The UK government is preparing a new set of import tariffs which would include a 10% tariff applying to all imported new cars when the UK’s Brexit transition period ends at the end of this year.
With the UK automotive sector facing a long recovery from the COVID-19 crisis that has decimated sales this year, new tariffs on UK-EU car trade would be an additional and unwanted concern. The hope will be that tariffs can be avoided in a yet-to-be-struck UK-EU agreement covering trade.
The new provisional measures assume there is no new trade deal with the EU and would therefore introduce tariffs applying to some goods imported from the EU, including food and new cars. The new UK tariffs would replace the EU’s Common External Tariff (CET ) on 1 January 2021 at the end of the current Brexit ‘transition period’ agreed under the terms of Britain’s formal exit from the bloc earlier this year.
The Department for International Trade said Britain would scrap all levies on GBP30bn of imports as part of its new “MFN (most favoured nation) tariff regime” called the “UK Global Tariff”. It would form the basis on which the UK will trade with other countries after the end of the Brexit transition period on December 31 unless and until it has struck new trade agreements with them.
World Trade Organisation (WTO) rules mean the UK would have to impose the same tariffs on goods from the EU and from other countries around the world if it left the EU trade bloc without a deal. Other countries are under no obligation to reciprocate by cutting their own tariffs for British imports.
The UK government is still negotiating with the EU in the current ‘transition year’ in the hope of avoiding new tariffs on UK-EU traded goods in the future, but the politically sensitive negotiations have yet to achieve a breakthrough.
The UK auto industry will be especially wary of new tariffs applying to UK-EU trade in new cars.
The UK auto industry will be especially wary of new tariffs applying to UK-EU trade in new cars. Tariffs on imports from the EU will mirror tariffs in the other direction – UK shipments to the EU bloc will face the EU’s 10% CET applying to cars unless the UK and EU strike a free trade deal this year. The export orientated UK auto industry will fear the potential consequences of tariffs applying to UK shipments to the EU. The UK’s auto industry is highly integrated with that of the EU, in terms of both manufacturing supply chains and a high proportion of car exports being bound for customers in the EU. Over half of the 1 million cars exported from Britain last year went to the EU27 market.
If those EU-bound vehicles face a 10% import tariff levied by the EU under WTO trading rules, that potentially makes UK manufacturing much less attractive to car companies that have alternative options to produce at plants inside the EU’s tariff free customs union.

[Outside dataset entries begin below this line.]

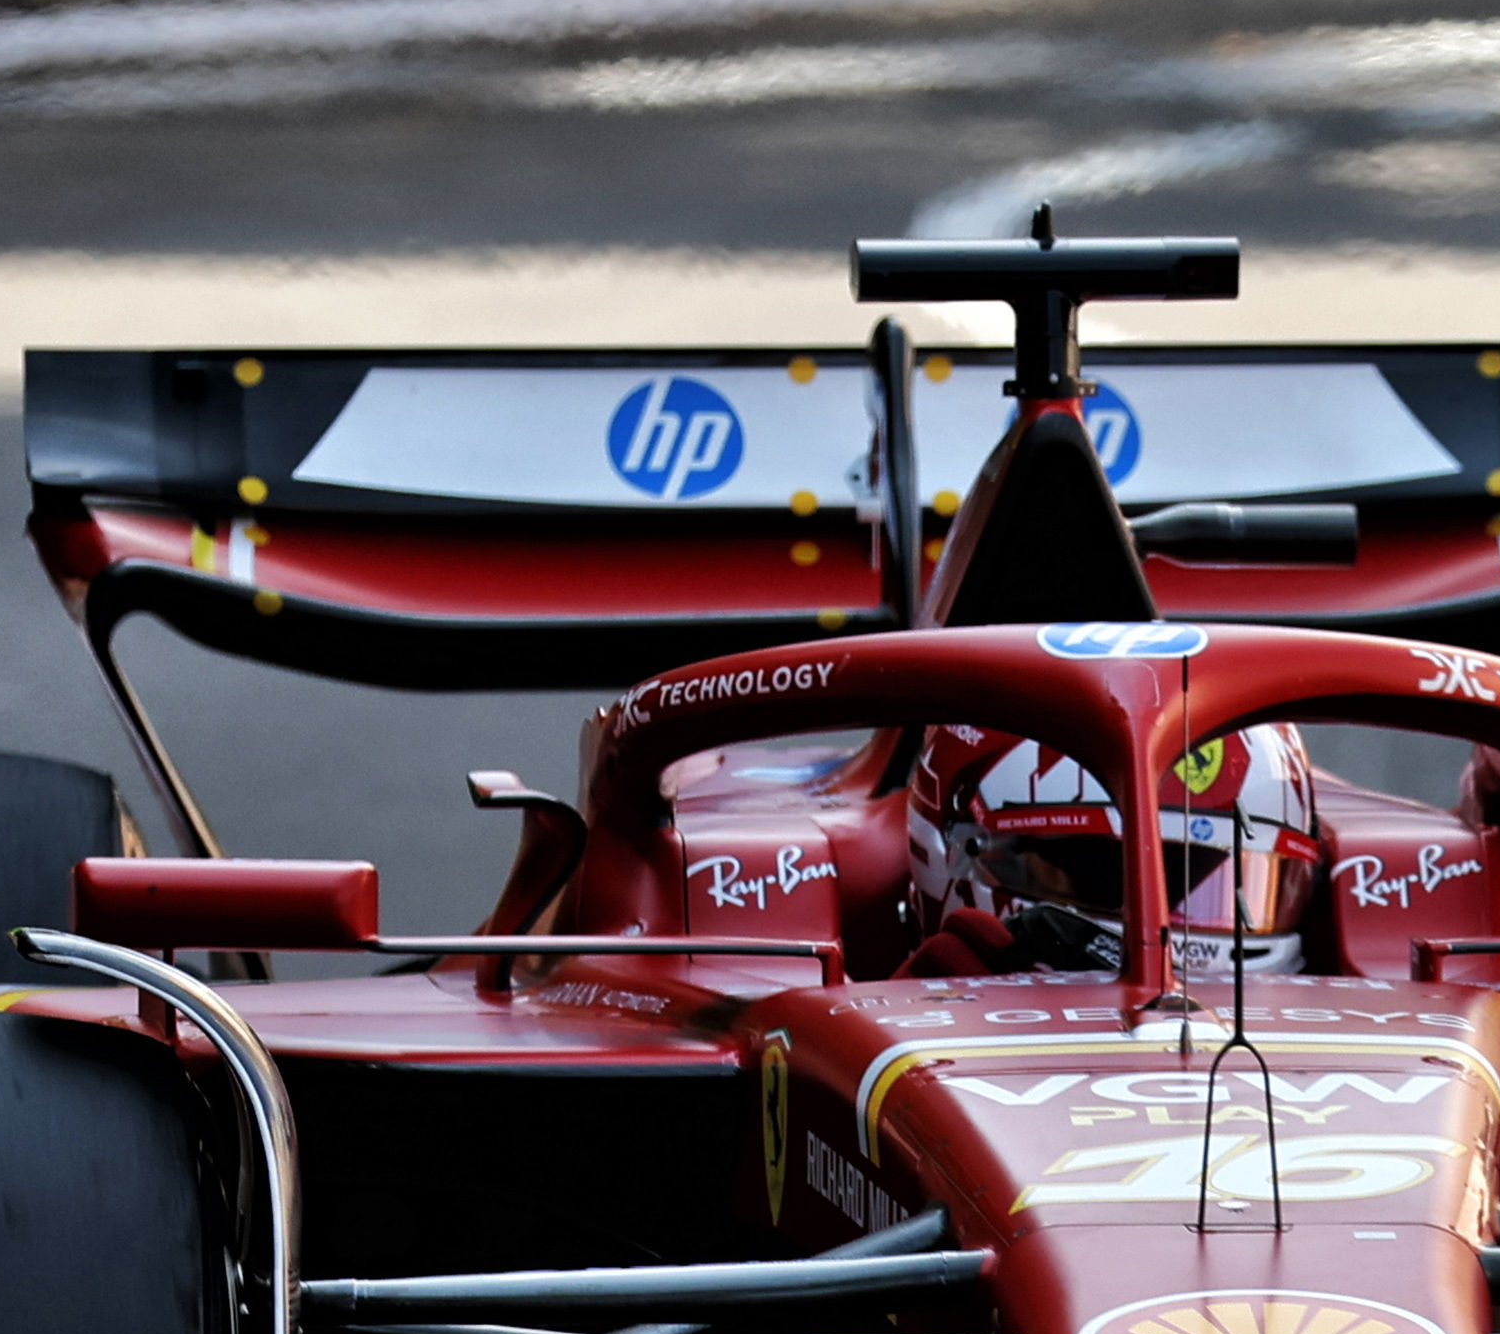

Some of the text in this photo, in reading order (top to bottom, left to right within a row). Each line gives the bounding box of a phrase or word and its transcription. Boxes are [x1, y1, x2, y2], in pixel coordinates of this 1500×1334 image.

[623, 376, 733, 501] hp
[658, 661, 835, 708] TECHNOLOGY
[1410, 648, 1497, 703] DXC
[686, 844, 838, 909] Ray-Ban
[1330, 844, 1482, 909] Ray-Ban
[984, 1005, 1477, 1032] GEESYS
[938, 1070, 1455, 1106] VGW
[1067, 1104, 1349, 1126] PLAY
[807, 1129, 865, 1229] RICHARD
[1008, 1132, 1468, 1217] 16

Additional border checks would also be a concern for an industry heavily reliant on just-in-time logistics and with razor-slim margins.
Moreover, a 10% import tariff would likely make new cars considerably more expensive in the UK, while potentially also creating problems for the retail sector either in absorbing higher prices or passing them on to consumers.

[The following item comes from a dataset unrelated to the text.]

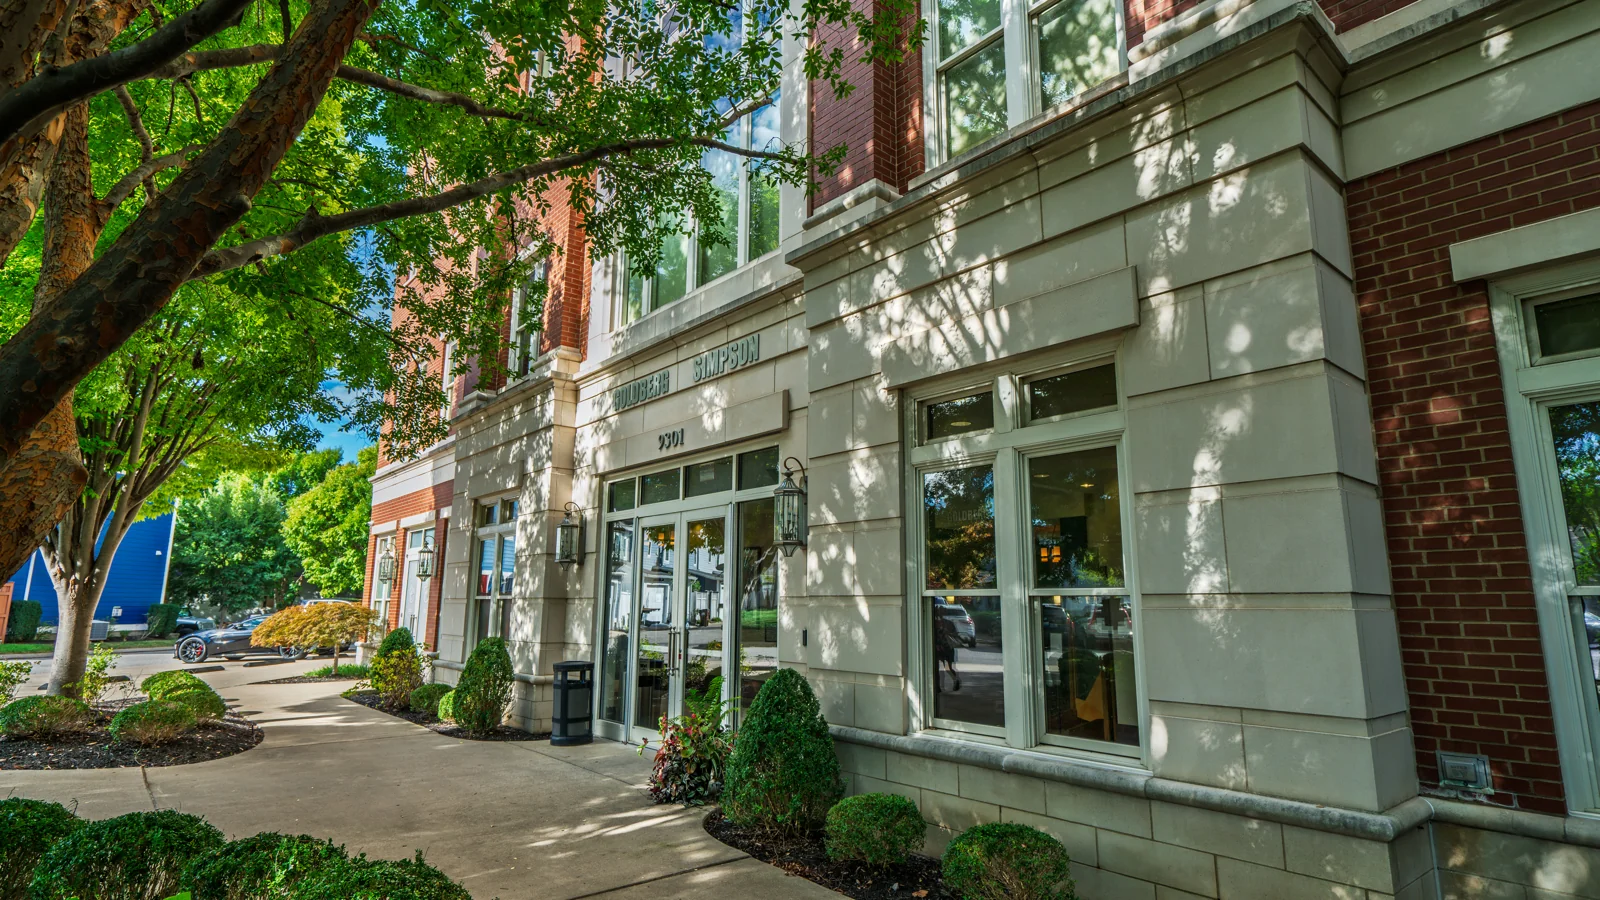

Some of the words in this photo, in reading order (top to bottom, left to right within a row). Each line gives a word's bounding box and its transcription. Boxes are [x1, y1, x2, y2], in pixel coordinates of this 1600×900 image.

However, on a partially compensating upside, there could be more UK assembly activity to supply the UK market, a way to keep plants busy and avoid new tariffs on imported finished vehicles. Some manufacturers may also opt for strategies that focus on a bigger ‘rest of world’ export element to UK manufacturing plants, put them more on a global sourcing footing.
The auto industry in the UK – and Europe – will nevertheless be hoping that new tariffs on UK-EU traded cars can be avoided.